Death is an inevitable end to every life. Sometimes death
comes after eighty years, five children and a wife of fifty years. Sometimes
death comes after only two breaths and one smile. Sometimes death falls upon us
at the worst time and other times we expect it. No matter how ready anyone
thinks they are, death hurts. Every death close to us and every death somewhat
distanced from our immediate lives takes a toll on our hearts and crashes our
worlds. Sometimes it is easy to recover from and sometimes it is like a
baseball shattering a window- something we think will never mend back together.
Death of a loved one, death of a beloved pet, the death of a
next door neighbors’ pet that you have become best buddies with, the death of a
friend you have not seen in ten years. Every death is hard to accept, and we
all try to understand it, live with it, be okay with it. The one thing no one
tries to do is say that it is okay to be devastated, hurt, upset, mad even. People
cry, people take a day off of work, they go to a funeral, sometimes they say
goodbye, but not one admits that their life has halted for a minute. The people
we meet in our everyday lives all create who we are. When someone who was
instrumental in creating the person we have become today dies, it is hard.

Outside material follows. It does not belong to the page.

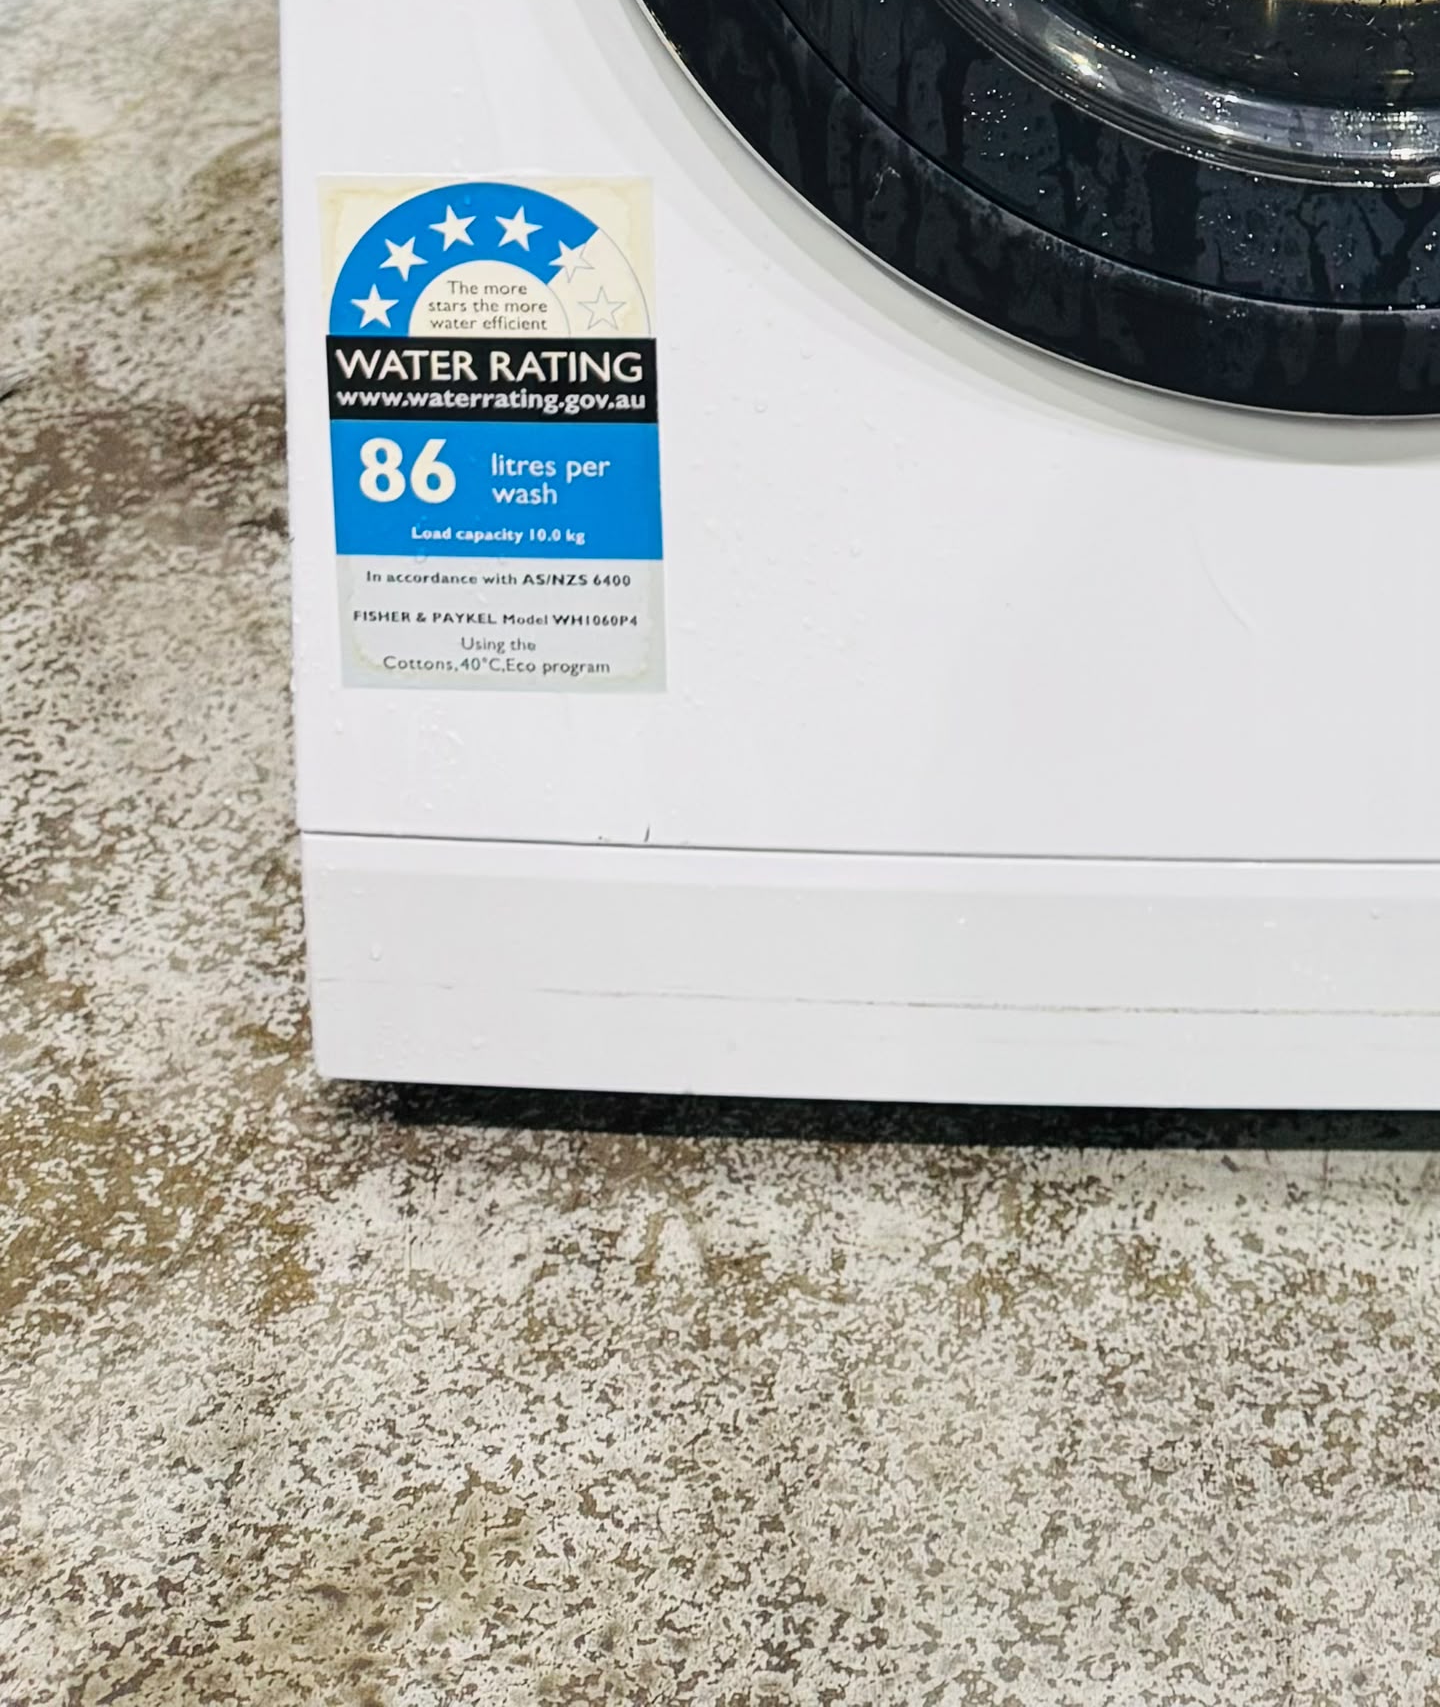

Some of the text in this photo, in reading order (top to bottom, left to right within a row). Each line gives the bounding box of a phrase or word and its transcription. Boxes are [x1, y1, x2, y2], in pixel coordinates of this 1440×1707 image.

Maybe life will go on and maybe everything will get better;
maybe we can think about all the great moments we have had; maybe we can
remember the smile or the energy or the happiness. Maybe we can try and recover
from the pain that has ripped a whole in our heart that seems like it will
never heal.
I am one of those people that tries to make everyone else
feel better. I am one of those people that says it will be okay; that says you
just have to get up and work through it.
What I never say, is what I wish someone would say to me or
I could say to someone hurting- It is harder to say the truth than try and
bandage every wound, even though the wound may not be bandage-able. When you
cannot bandage a wound you have to let it heal on its own; sometimes it takes
days, sometimes it takes weeks, and sometimes there will always be a scar that
can be obvious or may be more hidden.
I have been told I have my grandfather’s laugh. I have my
parent’s looks. I have acquired my nana’s ability to hoard (not nearly as bad
as her or my father). I have acquired my father’s love for antiques and cheap treasures.

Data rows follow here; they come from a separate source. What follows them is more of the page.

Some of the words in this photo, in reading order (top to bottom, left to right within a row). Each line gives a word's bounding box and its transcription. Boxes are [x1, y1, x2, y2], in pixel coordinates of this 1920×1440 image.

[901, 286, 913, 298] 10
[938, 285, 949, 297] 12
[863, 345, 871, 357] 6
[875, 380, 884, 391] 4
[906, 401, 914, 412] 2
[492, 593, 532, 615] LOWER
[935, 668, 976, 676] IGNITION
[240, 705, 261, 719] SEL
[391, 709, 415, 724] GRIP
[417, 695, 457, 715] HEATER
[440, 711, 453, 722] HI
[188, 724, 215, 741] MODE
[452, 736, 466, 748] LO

I have acquired my aunt and uncles humor. I learned how to build a tree house
with the man across the street at my grandma’s house. My teacher in elementary
school perpetuated my need to be a liked student. Being bullied in middle
school helped me learn how to hide my feelings well. My friends from college
have shaped me into an obsessive reader. My dance teacher taught me valuable
lessons about everyday life. Gymnastics helped me meet some of my best friends.
Dance taught me how to calm myself down even though I had too much energy.
Everything we do and everyone we meet has some kind of
impact on our lives. Whether that impact is profound or small it does not
matter. Without these people in my life I would not be half of the person I am
today. Maybe I would have been a better person or maybe I would have been
richer, or maybe I would have fallen in with the wrong crowd and maybe I would
not be alive today. Losing anyone who has touched and shaped my life is hard.
Even losing my hermit crab when I was 10 was hard. My hermit
crab Hermy was the first animal other than a fish that I had. Hermy taught me
how to be responsible for another life. Hermy gave me a friend when I felt like
I did not have one.
It is okay to lose it and cry. It is okay to close ourselves
off for a little bit, until we are ready to stand on our own. When someone dies,
even a first pet, we cannot always just get up and work through it, we cannot
always just move on.
I wish everyone was happy all the time; I wish I was happy
all the time. Sadly that is not the case and can never be the case; it is the
only healthy way to live. Sometimes it is easier to try and make everyone try
and feel better than to tell them maybe it has to hurt for a while. There is
not an answer to everything and there will never be a way to fix everything. It
is hard to accept and I am still trying to learn to understand it, but being
able to be sad, is a gift that we many times over look. Being able to remember everything
that makes us miss someone and everything that makes us cry for them, that is a gift I never want to lose.